Renal artery disease
- For open surgery, there is:
- possibly less in-hospital mortality in high volume hospitals.
Discussion
We considered the evidence to be of moderate to very low certainty. In particular, there was insufficient evidence about the relationship between volume and quality for acute admissions, and for quality measures such as length of stay and costs. This is mainly due to few studies evaluating certain outcomes (precision), and that effect-estimates and measures of variance for several outcomes were not reported in the studies. There is also uncertainty as to some of the outcomes due to variability in results across studies. We judged two outcomes to be of moderate certainty, and which showed evidence of a strong association between volume and in-hospital mortality. Both outcomes were measured for patients undergoing open elective surgery. The first evaluated surgeon volume for abominal aortic aneurysms and the second hospital volume for patients with thoracic and abdominal aortic aneurysms.

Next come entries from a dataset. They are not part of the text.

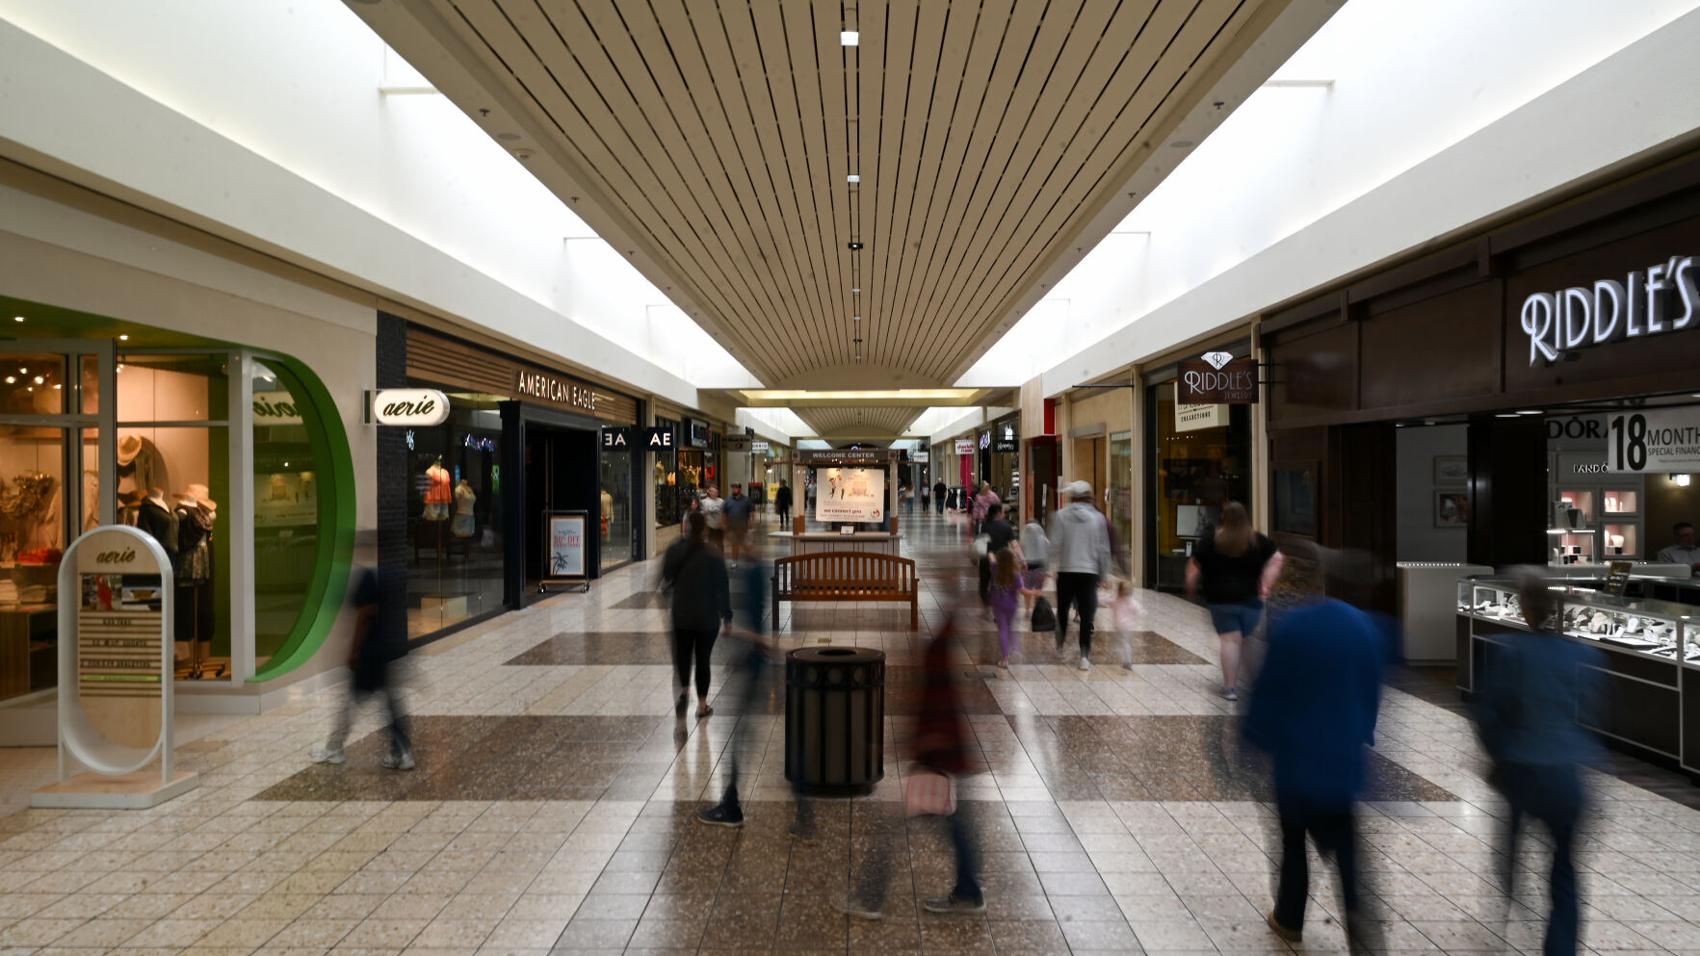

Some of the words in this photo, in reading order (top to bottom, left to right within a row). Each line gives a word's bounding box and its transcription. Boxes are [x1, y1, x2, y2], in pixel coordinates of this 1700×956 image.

[1521, 255, 1699, 367] RIDDLE'S
[518, 370, 569, 402] AMERICAN
[573, 386, 596, 410] EAGLE
[1184, 370, 1253, 394] RIDDLE'S
[382, 395, 435, 417] aerie
[1181, 411, 1211, 422] COLLECTIONS
[650, 432, 671, 446] AE
[1611, 413, 1647, 471] 18
[1647, 447, 1674, 456] SPECIAL
[96, 546, 136, 564] aerie

In addition to patient volume, patient related or system factors can also affect patient outcomes as well as resource use. Most of the included studies adjusted for such confounding patient factors, but in many studies, the baseline patient characteristics per volume group (high-volume vs. low-volume) were not reported. However, it is important to emphasize that in spite of these weaknesses, the studies included a large number of patients and with consistent conclusions across countries and health systems. Although many of the studies were from contexts with much larger populations, the median volume thresholds were comparable to those in smaller populations such as Norway.
Conclusion
Overall, we found that higher volume had a possible impact on quality when evaluated on both surgeon and hospital level. The available evidence also suggest that volume has an impact on quality for both open and endovascular surgery.

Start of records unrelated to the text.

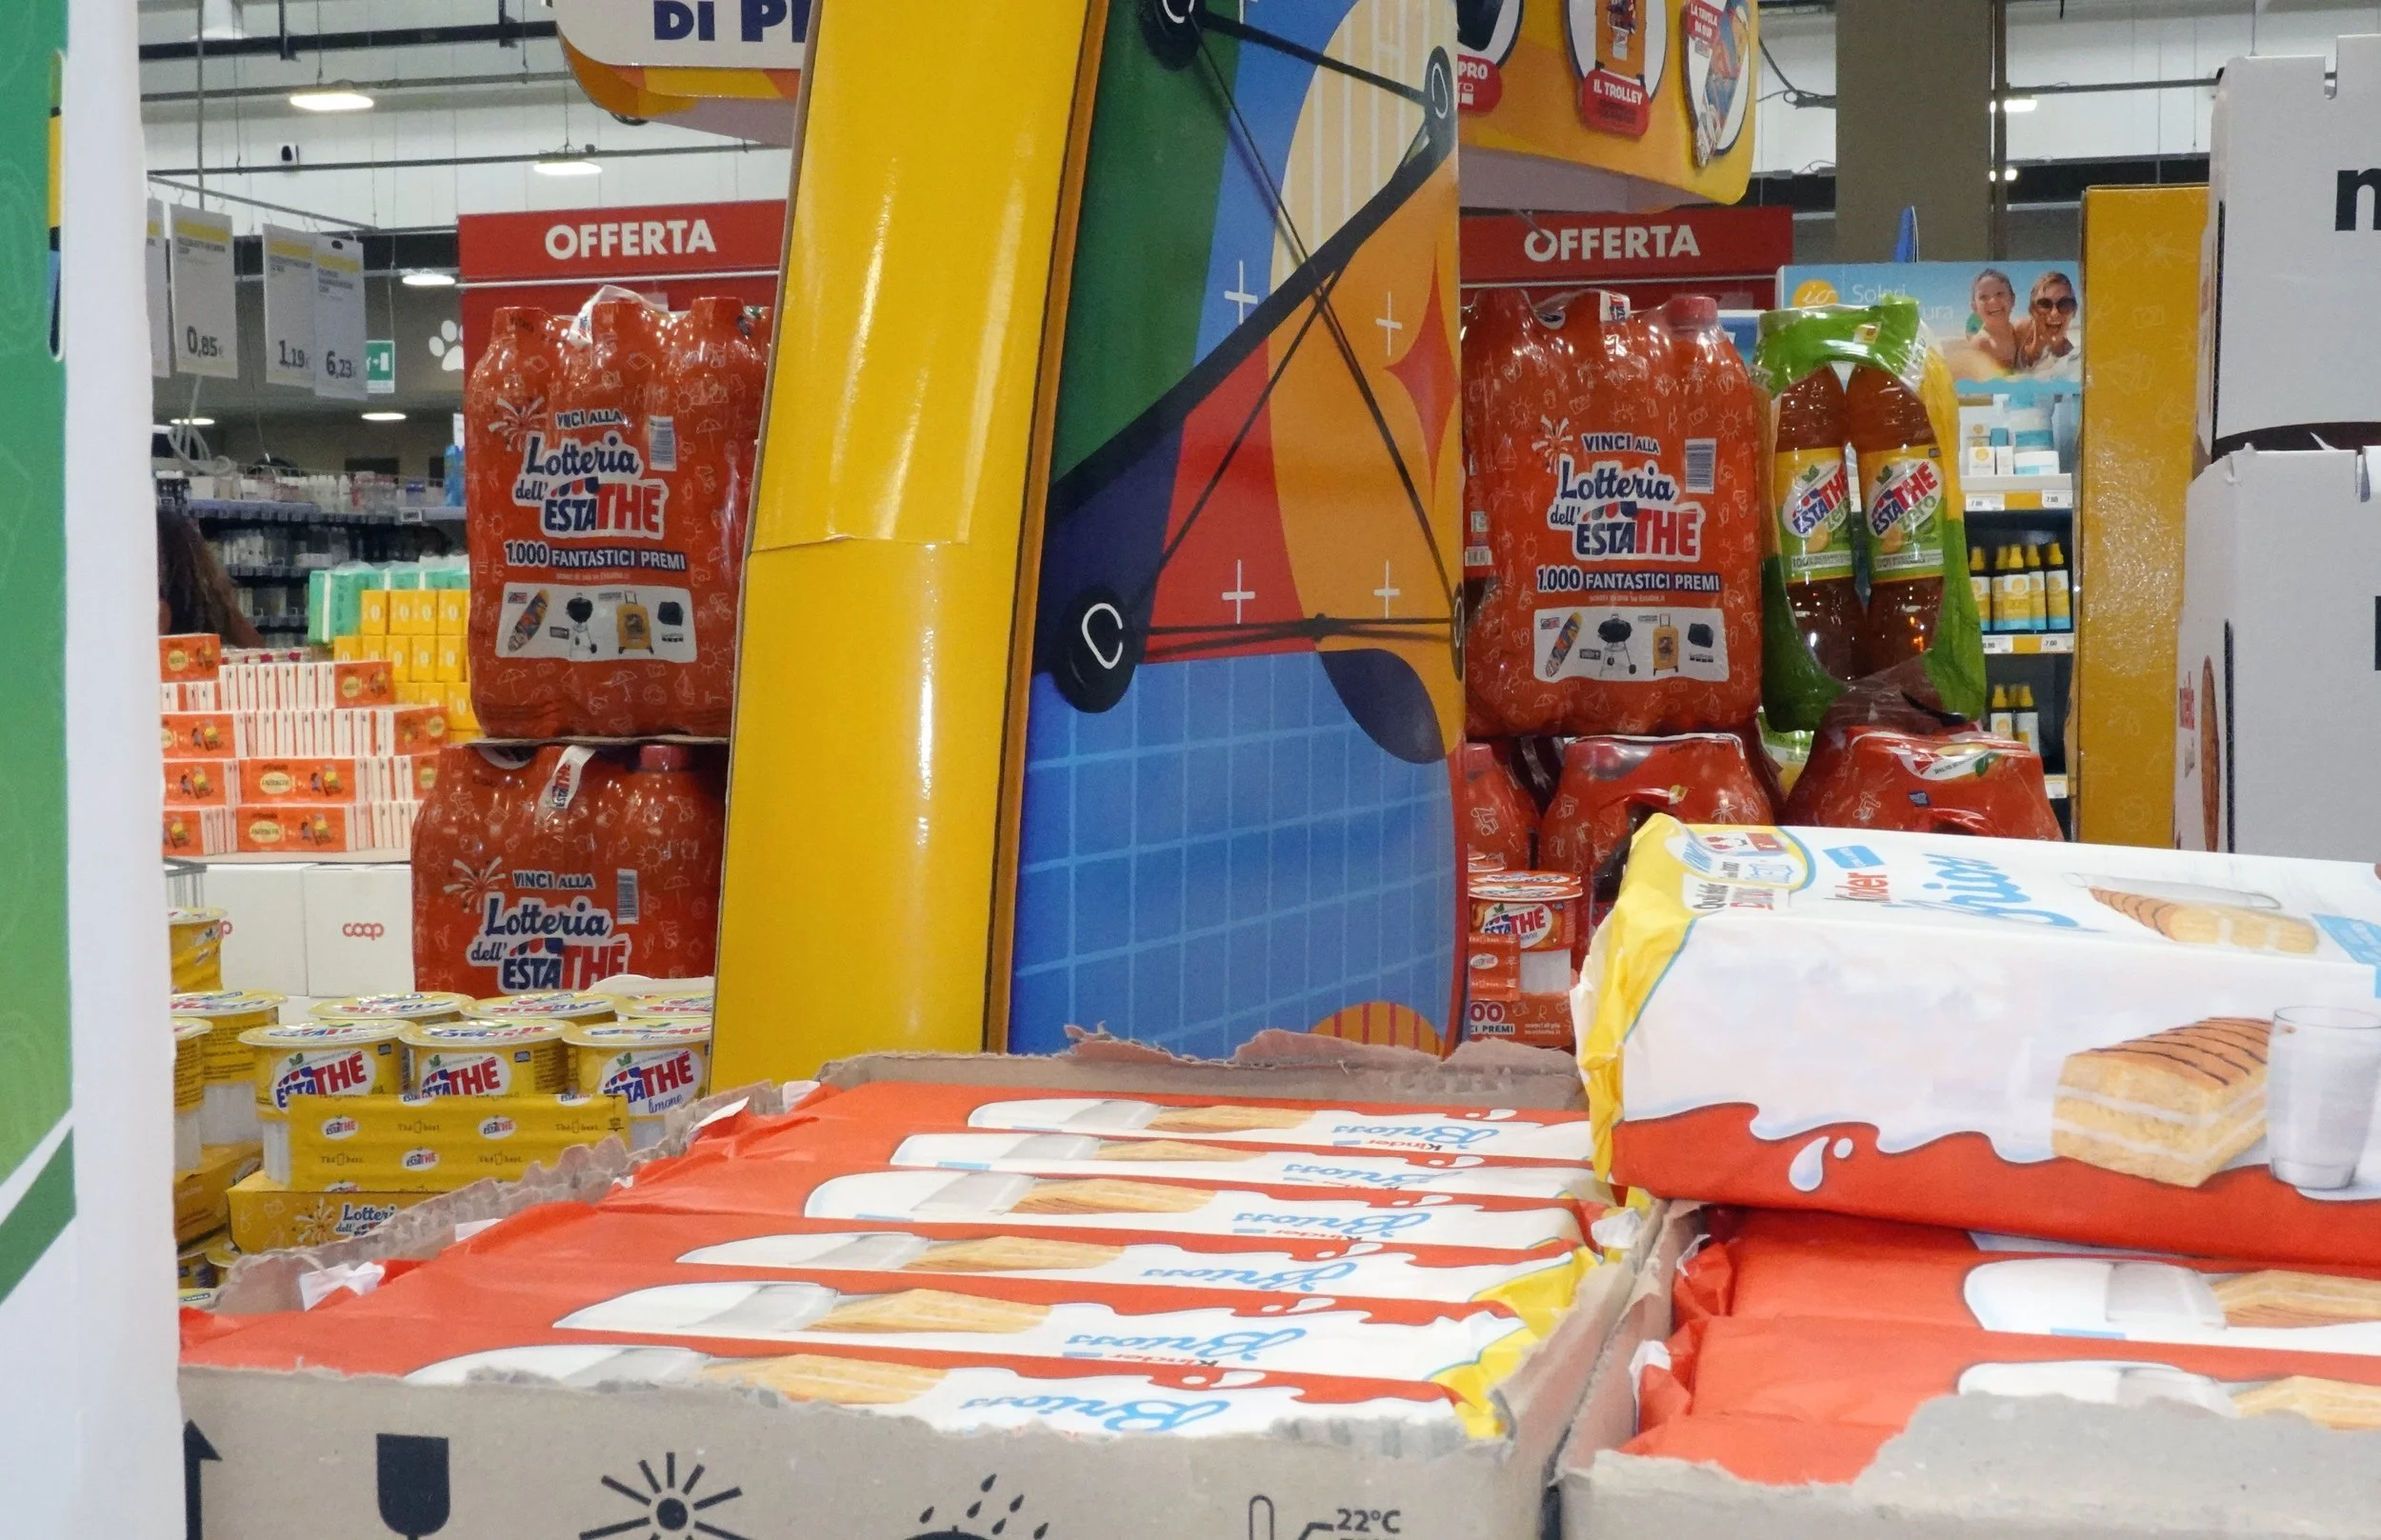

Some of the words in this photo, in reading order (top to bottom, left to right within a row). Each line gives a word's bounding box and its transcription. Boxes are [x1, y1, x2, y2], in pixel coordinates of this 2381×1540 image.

[654, 0, 714, 41] DI
[1593, 79, 1607, 93] IL
[1604, 85, 1643, 106] TROLLEY
[545, 219, 716, 260] OFFERTA
[1525, 226, 1701, 262] OFFERTA
[525, 435, 639, 476] Lotteria
[1583, 434, 1631, 450] VINCI
[1633, 440, 1659, 453] ALLA
[515, 479, 550, 501] dell'
[1560, 460, 1675, 501] Lotteria
[1550, 507, 1581, 525] dell'
[551, 549, 635, 567] FANTASTICI
[640, 552, 686, 570] PREMI
[1586, 574, 1671, 590] FANTASTICI
[1674, 574, 1720, 590] PREMI
[512, 872, 552, 889] VINCI
[558, 874, 594, 889] ALLA
[485, 897, 610, 936] Lotteria
[343, 922, 384, 940] coop
[470, 941, 507, 962] dell'
[1482, 1023, 1513, 1033] PREMI
[648, 1093, 683, 1114] limone
[1331, 1126, 1500, 1149] Brioss
[1233, 1212, 1432, 1237] Brioss
[1141, 1262, 1357, 1291] Brioss
[1064, 1328, 1308, 1361] Brioss
[959, 1395, 1231, 1431] Brioss
[1336, 1508, 1401, 1533] 22°C

Higher patient volume possibly reduces mortality for patients with abdominal aortic aneurysms, thoracic and abdominal aortic aneurysms, carotid artery stenosis, peripheral vascular disease and renal artery disease. We also found that higher patient volume possibly reduces complications in patients with abdominal aortic aneurysms, carotid artery disease and peripheral vascular disease, and length of stay (hospital days) in patients with abdominal aortic aneurysms and carotid artery disease. More studies are needed evaluating the volume-quality relationship for patients with acute admissions, and for outcomes such as length of stay and cost.
The association was stronger and more certain for in-hospital mortality for patients with abdominal aortic aneurysms (hospital volume) and thoracic- and abdominal aortic aneurisms (surgeon volume) undergoing open elective surgery.
There are many other factors at the local level, including chance, which may explain quality of care associated with surgical procedures. This means that the results from this review cannot be generalized to the individual hospital or surgeon. Instead, this systematic review is intended as a general decision support for informing decisions about the organization of health services.